*** DATA LISTING Section Begins ***
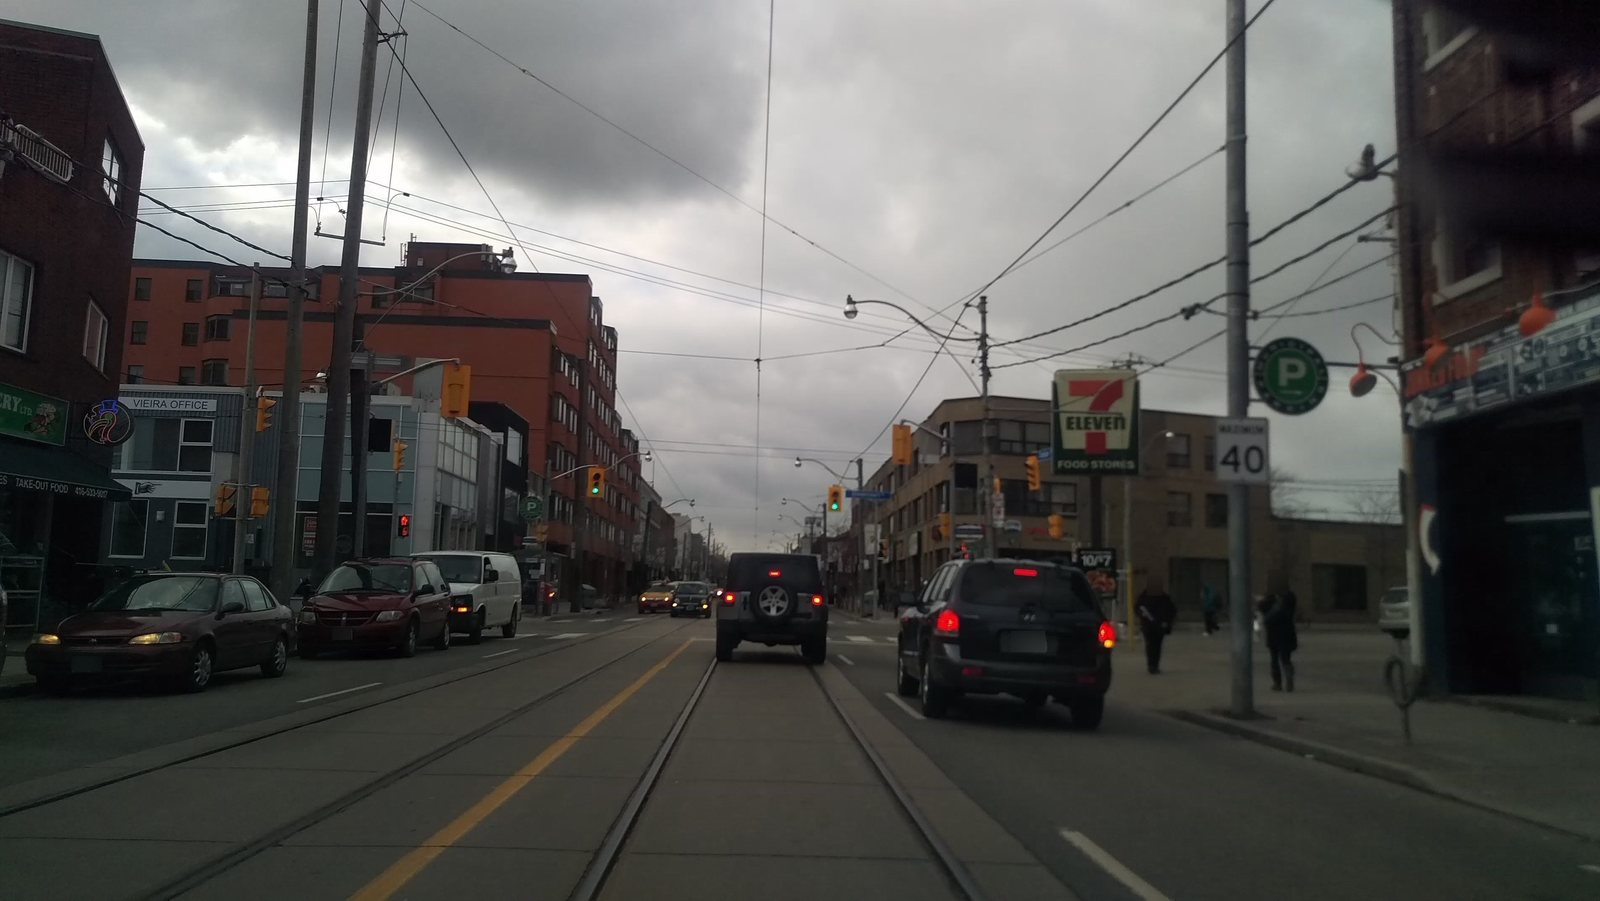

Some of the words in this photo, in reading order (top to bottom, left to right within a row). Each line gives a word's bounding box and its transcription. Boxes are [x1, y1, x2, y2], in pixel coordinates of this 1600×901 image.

[133, 399, 167, 408] VIEIRA
[169, 400, 209, 410] OFFICE
[1056, 459, 1089, 470] FOOD
[1090, 460, 1136, 470] STORES
[1219, 444, 1265, 475] 40
[15, 477, 49, 491] TAKE-OUT
[50, 482, 69, 494] FOOD
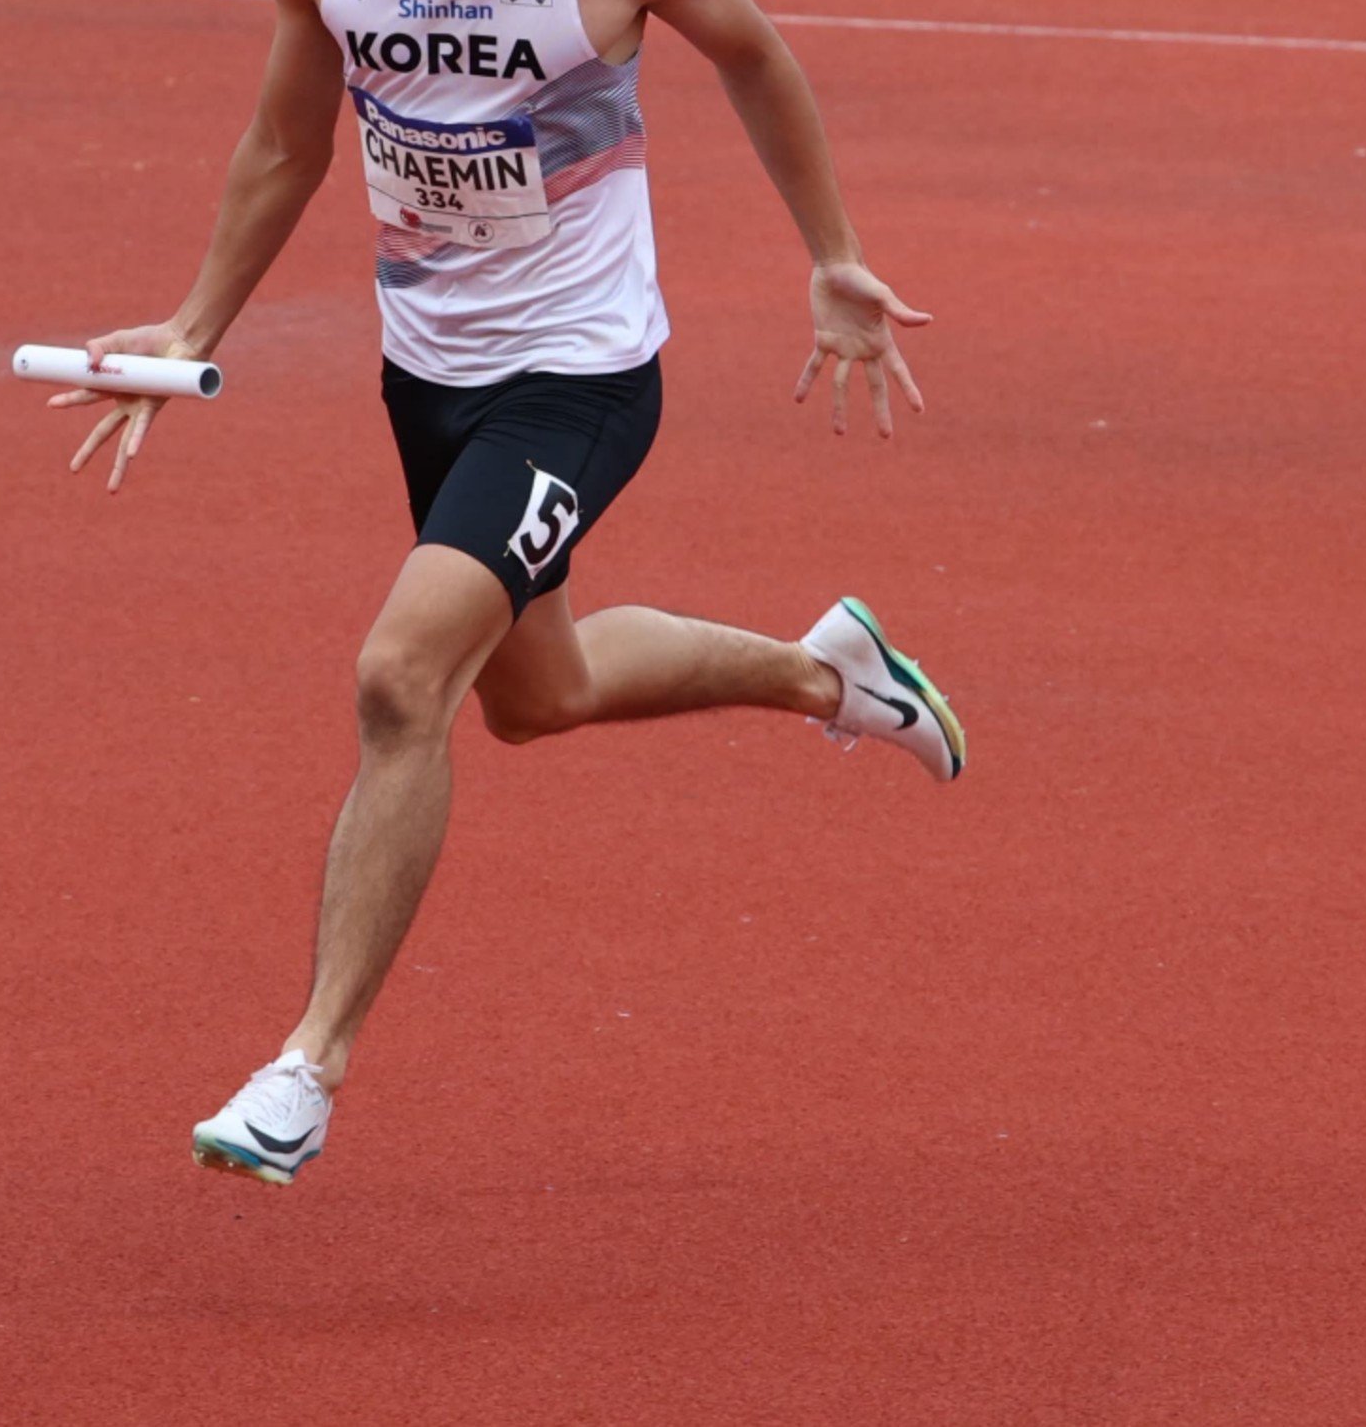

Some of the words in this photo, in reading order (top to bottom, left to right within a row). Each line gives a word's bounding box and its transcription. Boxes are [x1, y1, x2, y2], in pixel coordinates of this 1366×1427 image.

[345, 30, 547, 81] KOREA
[364, 98, 507, 151] Panasonic
[365, 128, 528, 191] CHAEMIN
[415, 188, 464, 211] 334
[520, 480, 576, 566] 5
*** DATA LISTING Section Ends ***
**EXERCISE DIRECTIONS**
Could you output the lines above, exactly as written, from the one containing "this 1366×1427 image." through the last, with both ends included and no others?

**PROBLEM SOLUTION**
Some of the words in this photo, in reading order (top to bottom, left to right within a row). Each line gives a word's bounding box and its transcription. Boxes are [x1, y1, x2, y2], in pixel coordinates of this 1366×1427 image.

[345, 30, 547, 81] KOREA
[364, 98, 507, 151] Panasonic
[365, 128, 528, 191] CHAEMIN
[415, 188, 464, 211] 334
[520, 480, 576, 566] 5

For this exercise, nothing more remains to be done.